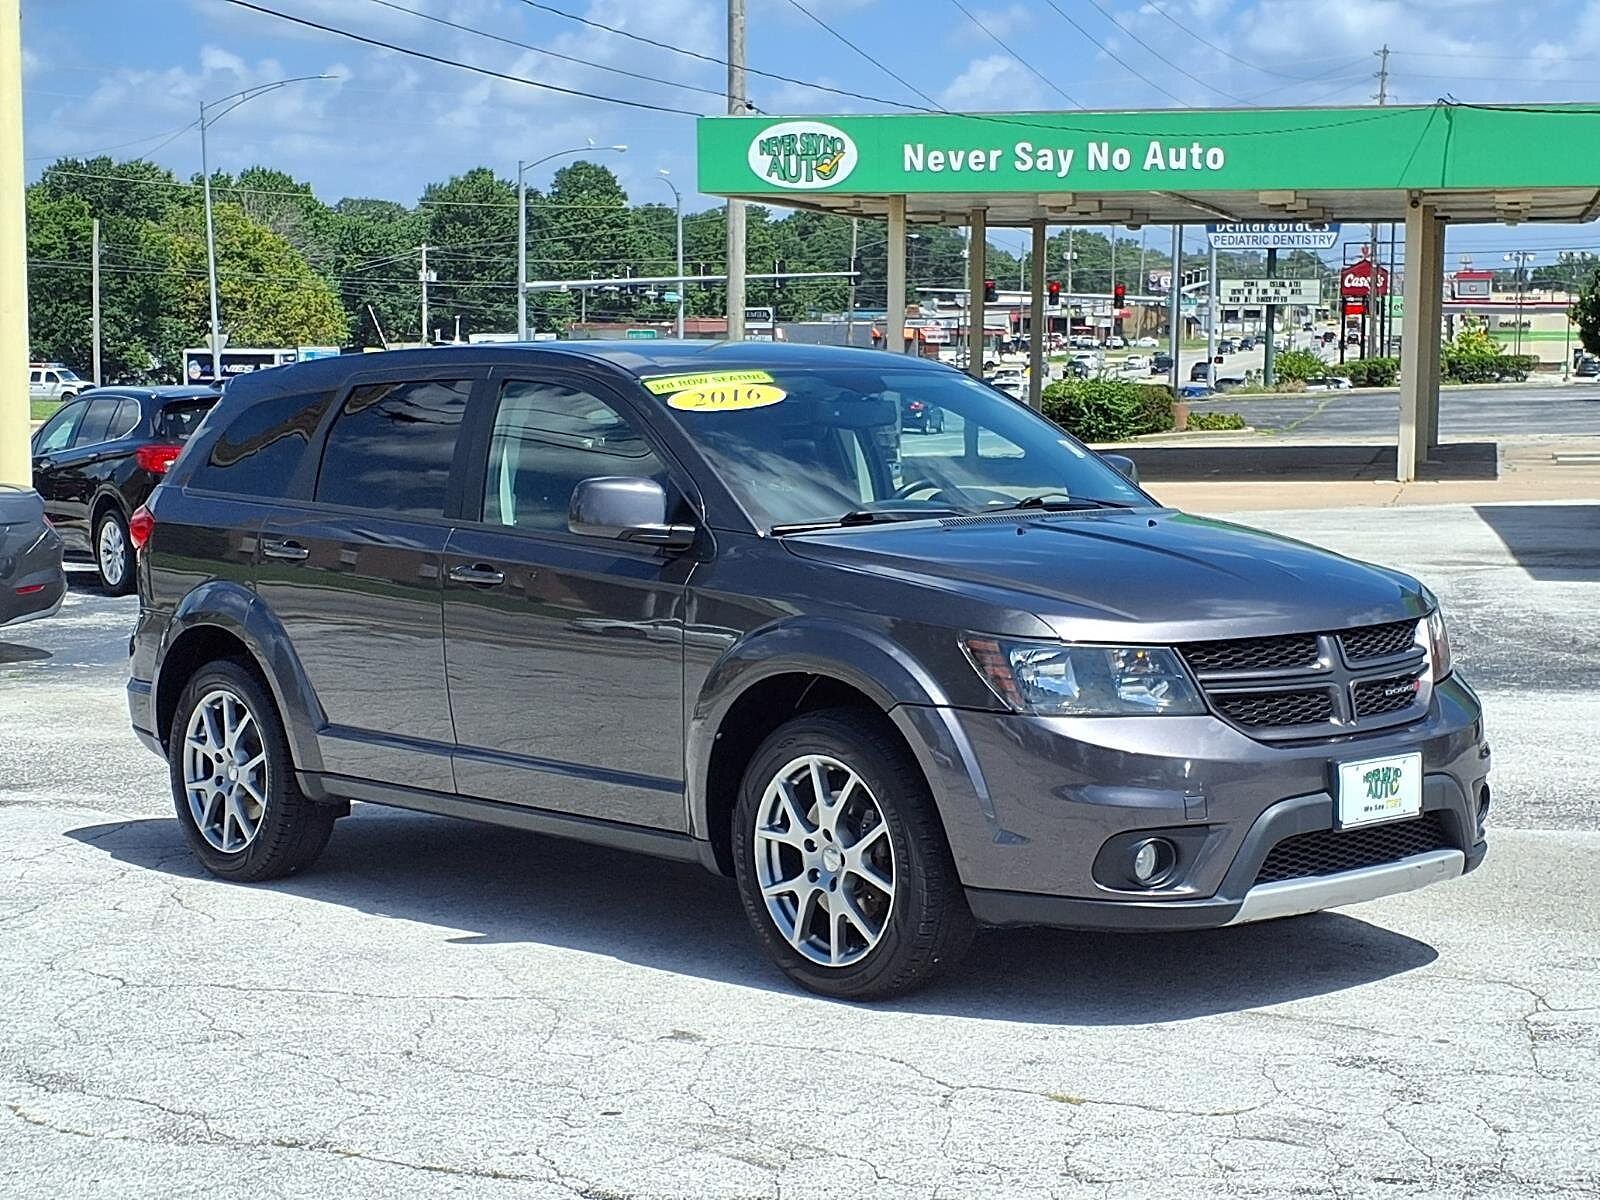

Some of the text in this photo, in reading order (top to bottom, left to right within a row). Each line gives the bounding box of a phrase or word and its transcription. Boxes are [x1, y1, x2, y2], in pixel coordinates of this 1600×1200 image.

[759, 133, 845, 156] NEVER SAY NO
[766, 153, 839, 183] AUTO
[903, 141, 1225, 178] Never Say No Auto
[1213, 234, 1333, 246] PEDIATRIC DENTISTRY
[712, 373, 766, 383] SEATING
[695, 389, 761, 407] 2016
[1366, 780, 1400, 800] AUTO

---

=== Task brief ===
All lines above are to be restated word for word, with pictures excluded.

=== Reply to the task ===
Some of the text in this photo, in reading order (top to bottom, left to right within a row). Each line gives the bounding box of a phrase or word and its transcription. Boxes are [x1, y1, x2, y2], in pixel coordinates of this 1600×1200 image.

[759, 133, 845, 156] NEVER SAY NO
[766, 153, 839, 183] AUTO
[903, 141, 1225, 178] Never Say No Auto
[1213, 234, 1333, 246] PEDIATRIC DENTISTRY
[712, 373, 766, 383] SEATING
[695, 389, 761, 407] 2016
[1366, 780, 1400, 800] AUTO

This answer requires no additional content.